As the historian that rediscovered the Bethel Burying Ground beneath part of the Weccacoe Playground, I have studied the originals of over 2,400 of these death certificates pertaining to the internments in this historic 19th century African American cemetery. The name that is the most commonly seen as the attending physician is that of Samuel Keen Ashton, M.D. (1822- 1895).

A sixth-generation descendant of a Mayflower passenger, he came from the upper strata of Philadelphia society. He graduated from Germantown Friends and the University of Pennsylvania, B.A. (1841), M.D. (1843) and settled into a comfortable life at 222 South 8th Street, his home and his of office. His connections at the University most certainly assisted in growing his practice. He quickly became involved in his professional associations and church; Dr. Ashton was a life-member of the Historical Society of Pennsylvania and the American Philosophical Society. He would eventually marry the daughter of a United States Army surgeon and begin a family that would grow to nine children.

Whatever the motivation, Dr. Ashton quickly provided his services to the Southern Dispensary and soon would find himself in the poorest streets and alleys bearing the notorious names of Bedford Alley (now Kater St.), Middle Alley (now Panama St.) and Gaskill Street (now Naudain St.), all in Southwark or Moyamensing. There, the young doctor would encounter the poorest of the poor of all races, in vastly overcrowded dwellings that were little more than hovels. Piles of garbage lay in the street, clogging the gutters with black water covered with foul-smelling vegetation. These communities were epidemic incubators that Dr. Ashton visited repeatedly to see his fever-ridden patients. Often, he would administer to the sick where entire families lived in 8’x 8’ rooms with no heat or water. Sanitation facilities consisted of over owing outhouses and cesspools.

Besides encountering the threat of contagious diseases, the doctor would have to have been on his guard against assault from the local gang, the “Killers,” a collection of thugs that terrorized the Southwark and Moyamensing neighborhoods. Their favorite game of “Hunting the Nig” certainly would have included those people that aided the black families.

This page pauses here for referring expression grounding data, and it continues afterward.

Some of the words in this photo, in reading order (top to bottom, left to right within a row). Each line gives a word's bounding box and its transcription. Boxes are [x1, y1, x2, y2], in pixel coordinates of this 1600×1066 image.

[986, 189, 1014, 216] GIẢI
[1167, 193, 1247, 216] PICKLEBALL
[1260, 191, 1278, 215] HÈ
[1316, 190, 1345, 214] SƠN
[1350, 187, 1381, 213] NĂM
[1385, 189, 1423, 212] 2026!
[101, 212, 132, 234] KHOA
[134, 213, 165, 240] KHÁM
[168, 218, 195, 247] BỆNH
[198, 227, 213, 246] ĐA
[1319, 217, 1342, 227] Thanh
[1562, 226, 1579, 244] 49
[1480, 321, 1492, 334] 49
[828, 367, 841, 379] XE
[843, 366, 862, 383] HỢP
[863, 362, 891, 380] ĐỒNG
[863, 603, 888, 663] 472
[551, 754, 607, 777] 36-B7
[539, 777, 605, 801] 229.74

In 1862, Dr. Ashton, then forty years old, was contacted by William Still, an African American Philadelphian who is known to history as “The Father of the Underground Railroad.” Mr. Still was asking prominent white Philadelphians to sign a petition addressed to the owners of the City’s railway transportation system. It requested that African Americans be allowed to utilize public transportation. Philadelphia was the most racist and segregated city above the Mason-Dixon Line. Black men and women faced possible violence and humiliation if they attempted to board a horse-drawn trolley or railcar. In this form of oppression and apartheid, Black adults could not travel for work and were forced to accept whatever was available locally. At this time, all the other major cities on the East Coast permitted blacks on their transit vehicles.

Possibly Dr. Ashton had seen the effects the loss of transportation had on the black families he treated. Options for work, education, and health care depended on the ability to travel in the city. Without that, the families faced unemployment or underemployment and other opportunities that were essential to moving out of poverty. Tragically, the transportation owners rejected the petition. Their reason: they could not afford the possible financial loss if whites stopped using their services because they wouldn’t sit next to a black man, woman or child. The right of African Americans to ride public transportation in Philadelphia was not established by law until 1867. The petition failed, but it was the first major step by white Philadelphians in the battle to provide African Americans with equal rights.

Undaunted, Dr. Ashton would continue treating the poor for three more decades before succumbing to pneumonia in February of 1895 at seventy-three years old. Two sons followed in their father’s footsteps and became physicians. One of these, Dr. William Easterly Ashton wrote in the dedication to a 1890 medical textbook that he authored the following:


Samuel Ashton was buried February 14, 1895, in the cemetery of St. James the Less Church situated at Hunting Park Avenue and Clearfield Street in Philadelphia following a viewing at the family home at 222 South 8th Street and a service at Christ Church.